Many sources propose that Cain and Abel may have been twins born some
with various combinations of female infants – one with Cain and
two with Abel - a total of five children! (Midrash Rabbah Gen. 22:2).
This seems to suggest that Eve procreated a litter of children all born
at the same time, not unlike the other animals only recently created.
Abel was a herder of sheep while Cain was a tiller of the soil. The
ancient conflict between herdsmen/nomads and settled farmers has
continued almost into modern times. Farmers need fences; shepherds know
no territorial property boundaries.
Cain proposed to create a relationship with God - the invisible
inscrutable being - through a sacrifice; an offer of the product of his
work; the vegetables he grew. Abel followed his older brother offered a
choice animal from his herd. [4] As the eldest son, Cain may have
believed the offer was for the entire family, including his brother. He
may have been surprised and resented that Abel decided to make his own
independent offering.
We are then told that God ‘regarded favorably Abel and his offering,
but did not regard Cain and his offering’ (4:5) implying that the
person represents the gift. God gives no explanation for His Divine
pleasure at Abel’s animal sacrifice nor any reason for his displeasure
at Cain’s vegetarian offer. Cain’s offering required hard work, Abel’s
less so.
From that implication tradition retroactively treats Cain’s anger as a
judgment and a moral flaw.
Are we to understand that God prefers blood sacrifices as in the Temple
days? [5] However, even during the Temple times God accepted sacrifices
made from vegetation, or ‘meal offerings’; an entire chapter
describes them – Lev. 2, among other places. God said ‘I have given you
every seed-bearing plant, for food. . . . and every tree that has fruit
. . . the green plants for food’ (1:29-30). It was only after Noah
survived the flood God says “all moving things that are alive, shall be
for food, like the green plants’ (9:3). The former was in the Garden of
Eden – a vegetarian paradise, the latter on earth when eating animals
became permissible. It is also worth noting that kosher animals that
Jews are permitted to eat are all themselves vegetarians; carnivorous
animals are not kosher; perhaps we are intended to learn that
vegetarianism is a better form of life.
For the vast majority of mankind’s history hunter-gatherers were
predominant until agriculturalists took over. The agriculturalists
represented by Cain created the first urban site – a city (Gen. 4:17)

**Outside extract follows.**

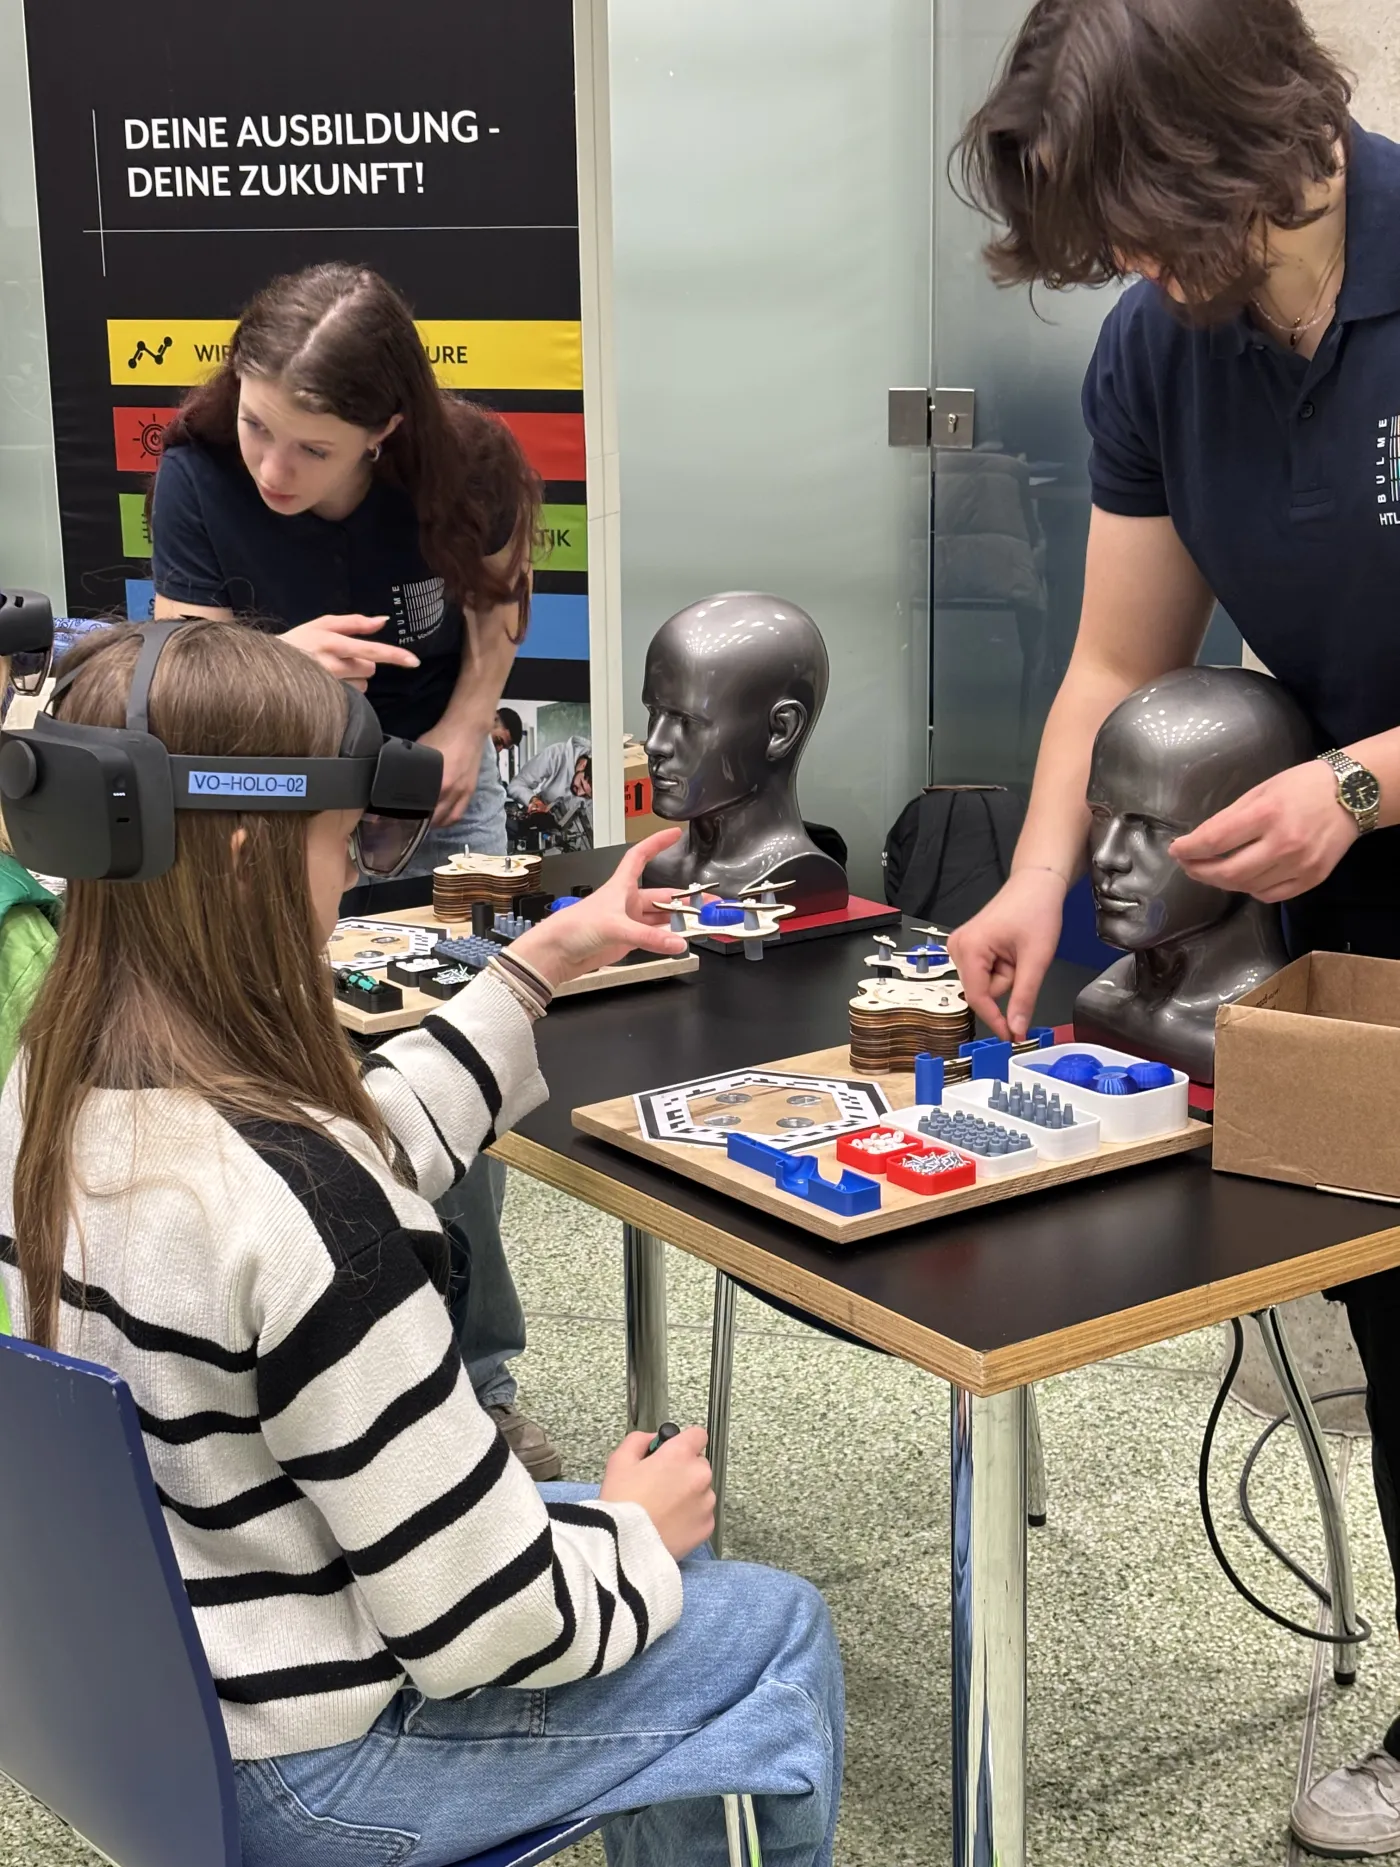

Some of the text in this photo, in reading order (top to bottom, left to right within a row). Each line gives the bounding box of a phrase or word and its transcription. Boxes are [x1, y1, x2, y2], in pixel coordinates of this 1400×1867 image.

and the ways of civilization.
Fernand Braudel stated ‘The great division of labor in the countryside
has always been that between crops and livestock, arable and animal,
Cain and Abel, two worlds, two different peoples, always hostile and
ready to quarrel. Shepherds were almost always untouchables . . .
change your mind little girl, take a peasant who is a “man of society”,
a civilized man, not one of those cursed shepherds who “do not even
know how to eat off a plate”.’[6]
As part of the exile from Eden In the previous chapter God told
Adam ‘cursed be the soil for your sake’ (3:17-19). The fruit of
the soil and perhaps the tiller were accursed. Was Cain’s
offering therefore abhorrent to God? Rashi seemed to think so (4:2);
[8] but what else was Cain to offer.
We are not told how God informed Cain of His reaction, but we do know
that Cain was incensed at God’s reaction. God’s reaction to Cain’s
anger included ‘Why are you incensed, and why is your face fallen. For
whether you offer well or whether you do not, at the tent flap sin
crouches and for you is it longing but you will rule over it’ (4:7). As
pointed out by Robert Alter the verse is ‘enigmatic . . . [and]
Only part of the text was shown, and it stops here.